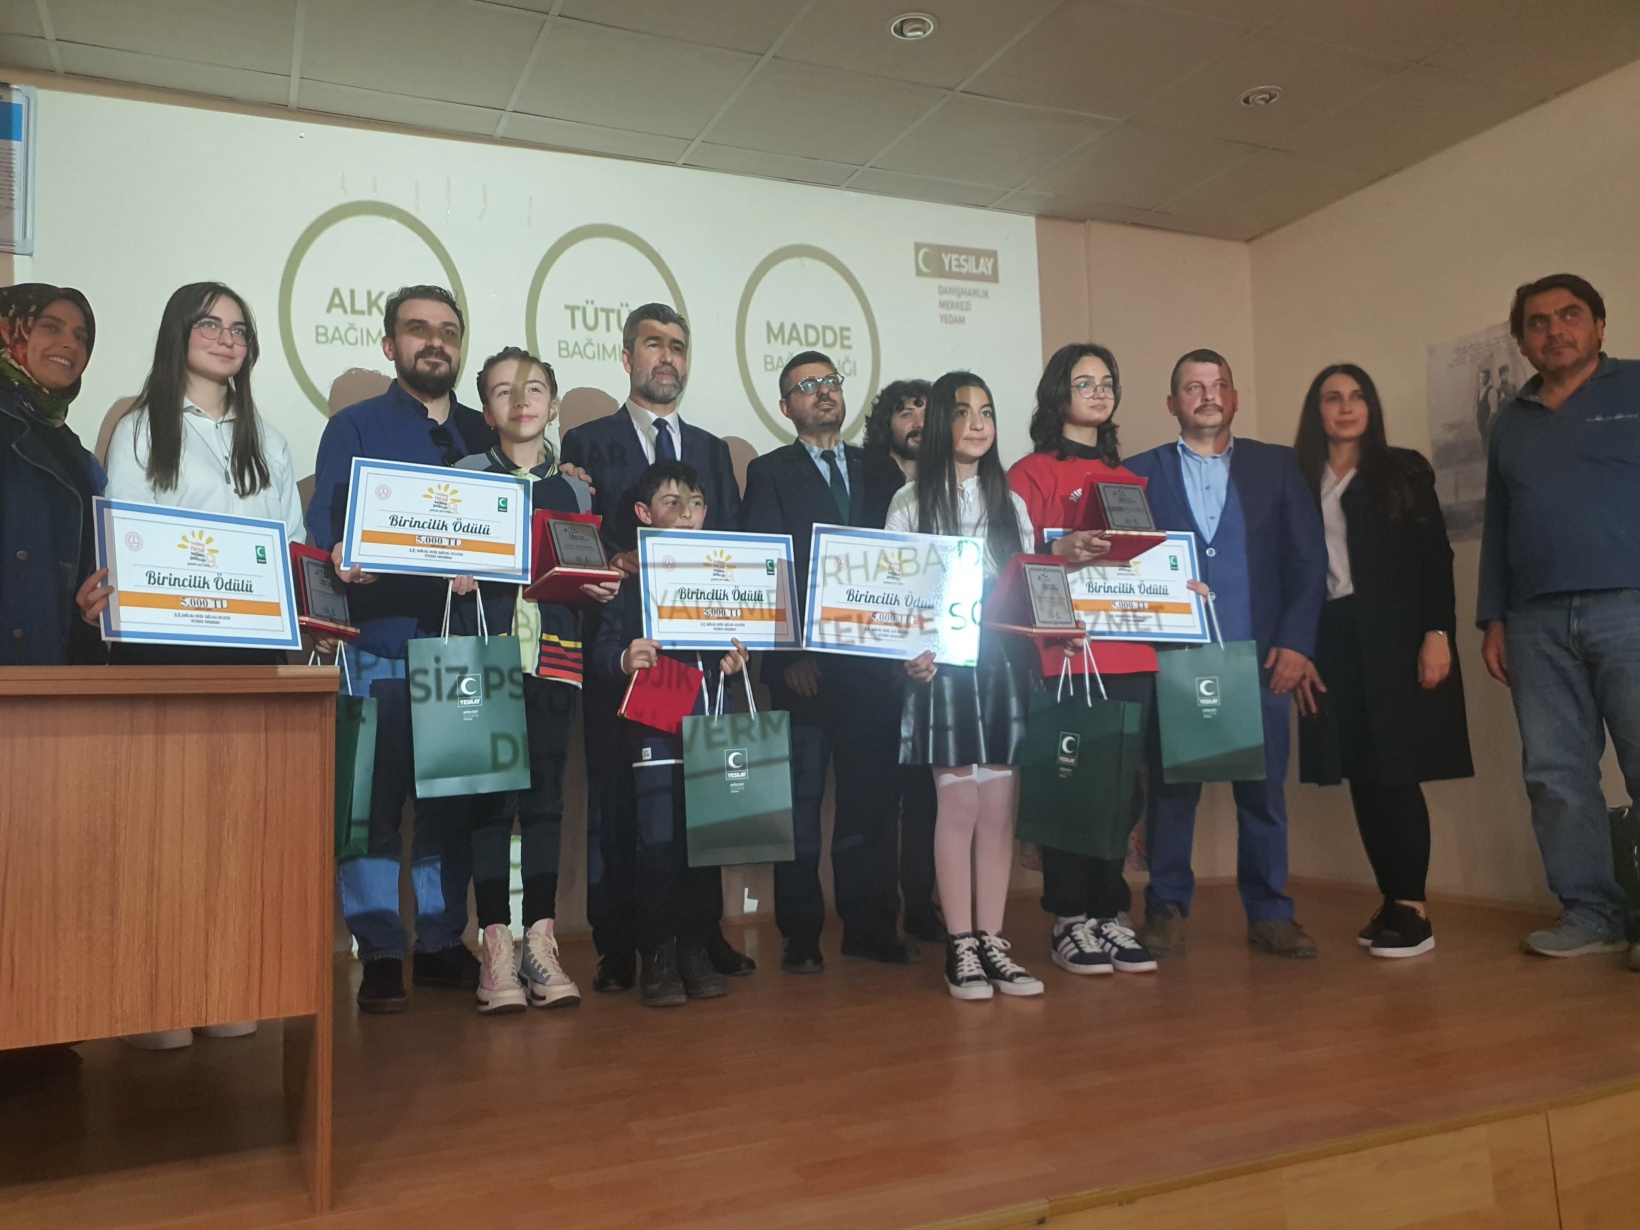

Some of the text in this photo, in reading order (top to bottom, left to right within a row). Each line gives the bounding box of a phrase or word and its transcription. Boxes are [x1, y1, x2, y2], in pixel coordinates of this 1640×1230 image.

[766, 320, 852, 350] MADDE
[389, 515, 491, 536] Birincilik Ödülü
[145, 570, 254, 593] Birincilik Ödülü
[1085, 579, 1169, 595] Birincilik Ödülü
[678, 585, 764, 602] Birincilik Ödülü
[846, 588, 900, 607] Birincilik
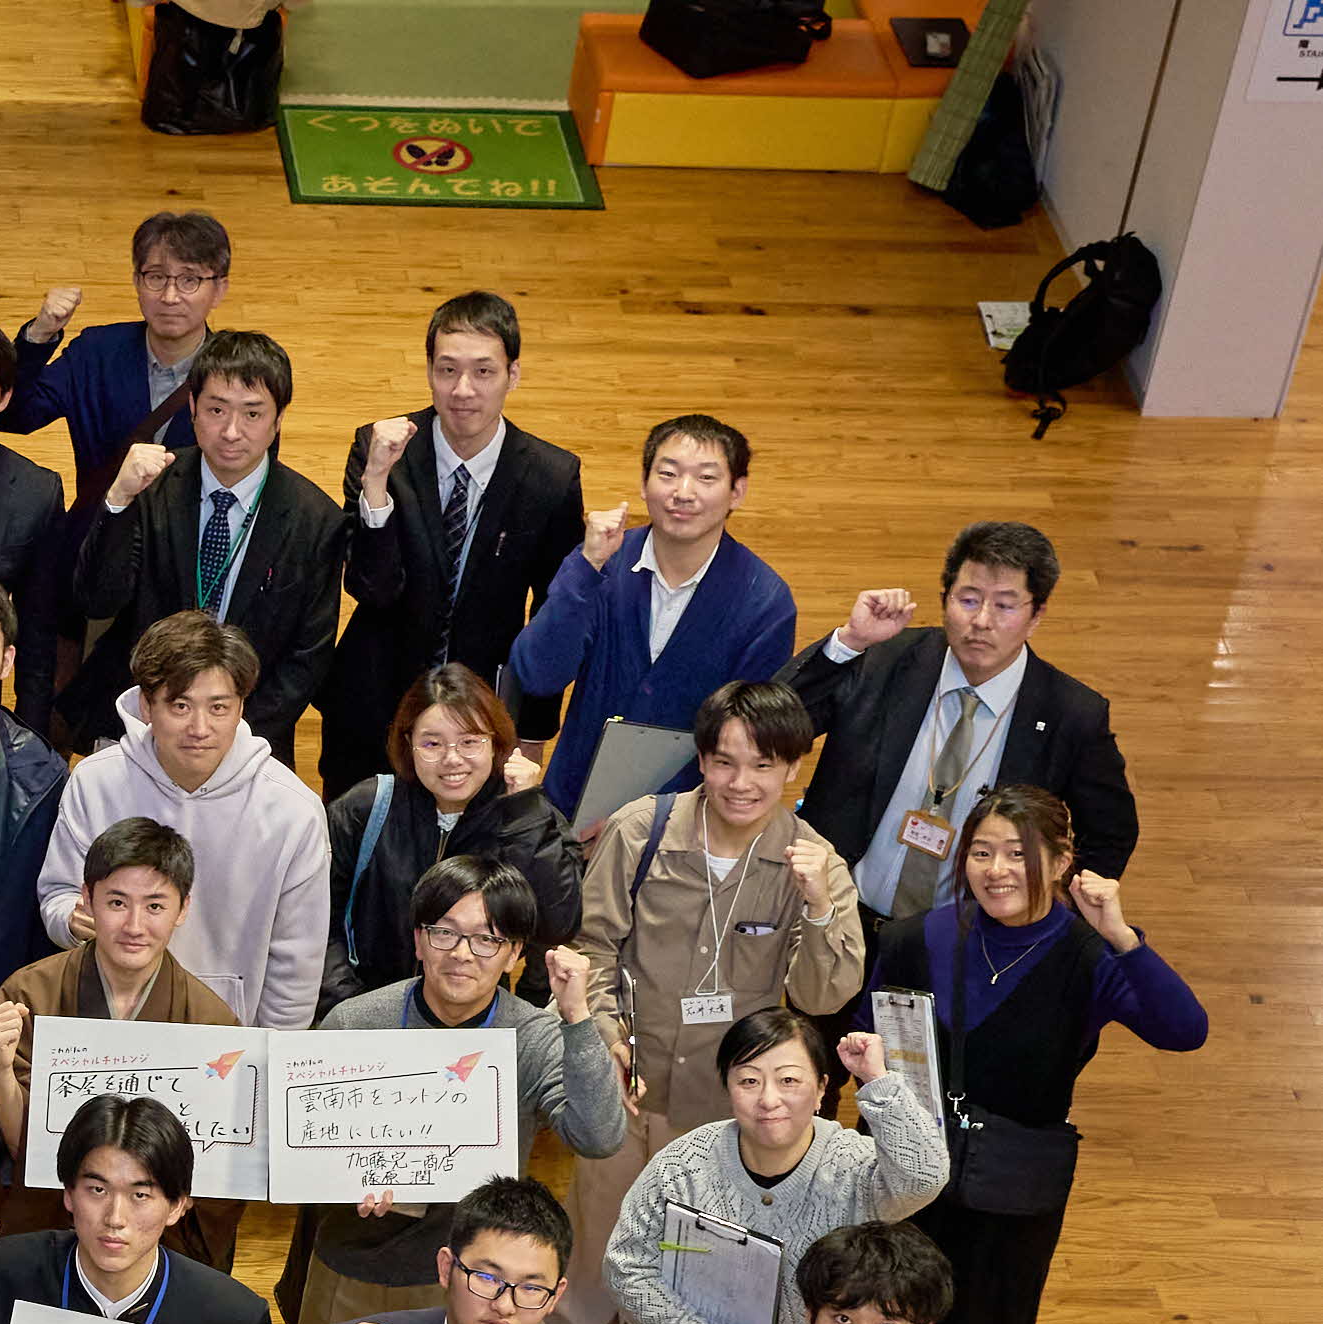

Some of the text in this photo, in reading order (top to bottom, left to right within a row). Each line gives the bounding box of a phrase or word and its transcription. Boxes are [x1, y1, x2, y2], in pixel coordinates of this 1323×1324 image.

[307, 115, 544, 137] くつをぬいで
[321, 173, 559, 197] あそんでね!!
[51, 1054, 151, 1069] スペシャルチャレンジ
[286, 1061, 387, 1082] スペシャルチャレンジ
[53, 1073, 186, 1097] 茶屋を通じて
[298, 1086, 468, 1114] 雲南市をコットンの

=-=-=-=-=

Requirement>
Would you please copy the listing exactly, omitting every picture?

Solved exercise>
Some of the text in this photo, in reading order (top to bottom, left to right within a row). Each line gives the bounding box of a phrase or word and its transcription. Boxes are [x1, y1, x2, y2], in pixel coordinates of this 1640×1230 image.

[766, 320, 852, 350] MADDE
[389, 515, 491, 536] Birincilik Ödülü
[145, 570, 254, 593] Birincilik Ödülü
[1085, 579, 1169, 595] Birincilik Ödülü
[678, 585, 764, 602] Birincilik Ödülü
[846, 588, 900, 607] Birincilik

Some of the text in this photo, in reading order (top to bottom, left to right within a row). Each line gives the bounding box of a phrase or word and its transcription. Boxes are [x1, y1, x2, y2], in pixel coordinates of this 1323×1324 image.

[307, 115, 544, 137] くつをぬいで
[321, 173, 559, 197] あそんでね!!
[51, 1054, 151, 1069] スペシャルチャレンジ
[286, 1061, 387, 1082] スペシャルチャレンジ
[53, 1073, 186, 1097] 茶屋を通じて
[298, 1086, 468, 1114] 雲南市をコットンの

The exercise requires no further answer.